Auch Gerti Kern erinnert sich gut an das Bild. 43 Jahre arbeitete die Bad Endorferin als Bedienung in dem Wirtshaus der Familie Huber und war eng mit Gruber-Goepfertova befreundet. „Sie war ein toller Mensch. Früher hat sie uns öfter Bilder von sich gebracht“, berichtet die 74-Jährige gegenüber dem OVB. Die Bilder seien immer auf den Gocklwirt bezogen gewesen. Der Karpfen sei ursprünglich für das Fischerstübchen des Wirtshauses gedacht gewesen und habe symbolisch für die Simssee-Fische gestanden, erinnert sich Kern.

Gertruda Gruber-Goepfertova war in Stadt und Landkreis Rosenheim bekannt.

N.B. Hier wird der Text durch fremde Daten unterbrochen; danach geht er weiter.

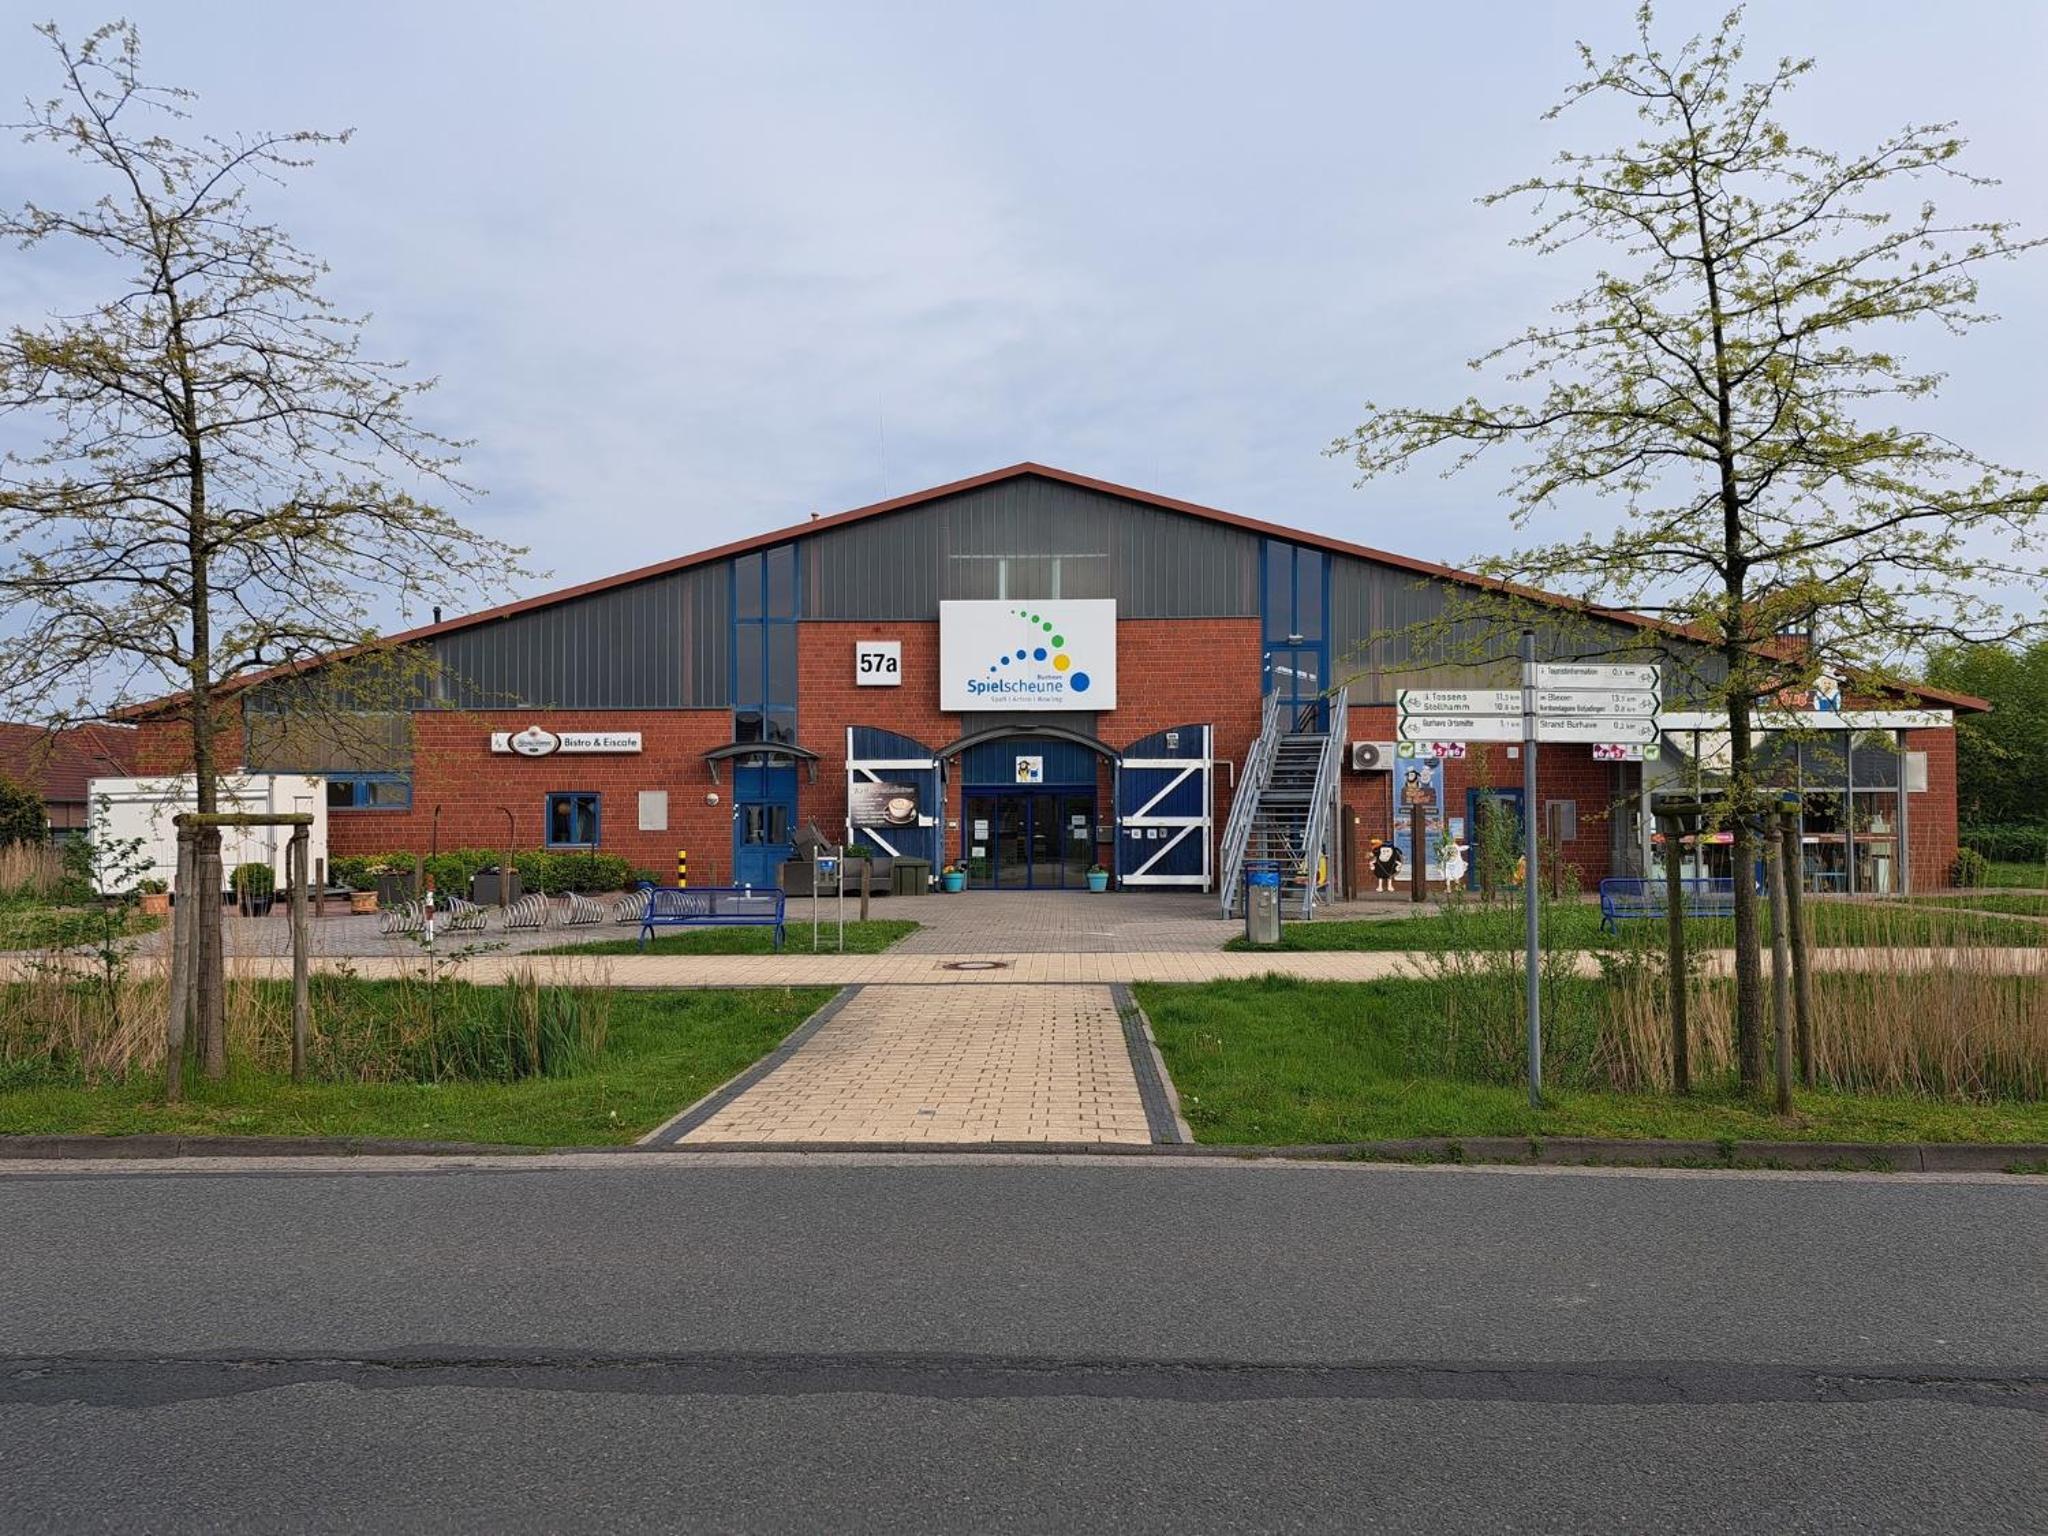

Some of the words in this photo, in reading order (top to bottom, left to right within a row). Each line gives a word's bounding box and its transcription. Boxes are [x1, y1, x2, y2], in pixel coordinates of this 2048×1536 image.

Die ursprünglich aus Mähren (Tschechien) stammende Künstlerin widmete sich neben der Malerei auch der Literatur. Beide Talente vereinte sie in der Serie der „Dorfskizzenblätter“, die ab 1976 in den OVB-Heimatzeitungen erschien. Nach der Machtübernahme der Kommunisten in Tschechien im Jahr 1948 floh sie gemeinsam mit ihrem Mann Dr. Leo Gruber und ihren Kindern nach Paris, ab 1953 lebten sie in München.

Die Sommerferien verbrachte die Familie jahrelang auf einem Bauernhof in der Hemhof-Eggstätter- Seenplatte. Da ihnen die Gegend so gut gefiel, wollten sie, wenn Leo Gruber in Rente geht, nach Bad Endorf ziehen. Doch da sie kein geeignetes Haus fanden, landeten sie 1979 in Rosenheim. Ihre letzten 25 Jahre wohnte GGG Am Stocket, wo sie am 30. Juli 2014 im Alter von 90 Jahren verstarb.

Hoffnung auf ein kleines Weihnachtswunder

Es sei auch nicht das erste Bild der Künstlerin, das abhandengekommen sei. Wie Gerti Kern berichtet, hätten auch Bilder im Eingangsbereich der Gaststube gehangen, die „jemand mitgenommen hätte.“ Deswegen habe sich Gocklwirt Willi Huber auch dazu entschlossen, den Diebstahl öffentlich zu machen – in den sozialen Medien bittet er: „Falls Ihr dieses Bild, sollte ein Unikat sein, irgendwo sehen oder möglicherweise gar als Weihnachtsgeschenk bekommen solltet, wisst Ihr, wo es eigentlich hängen sollte und wo GGG wollte, dass es hängt.“ Die Wirtsfamilie hat die Hoffnung aber nicht aufgegeben. „Vielleicht dürfen wir ja auch auf ein kleines Weihnachtswunder hoffen und das Bild kommt zu uns zurück“, so Willi Huber.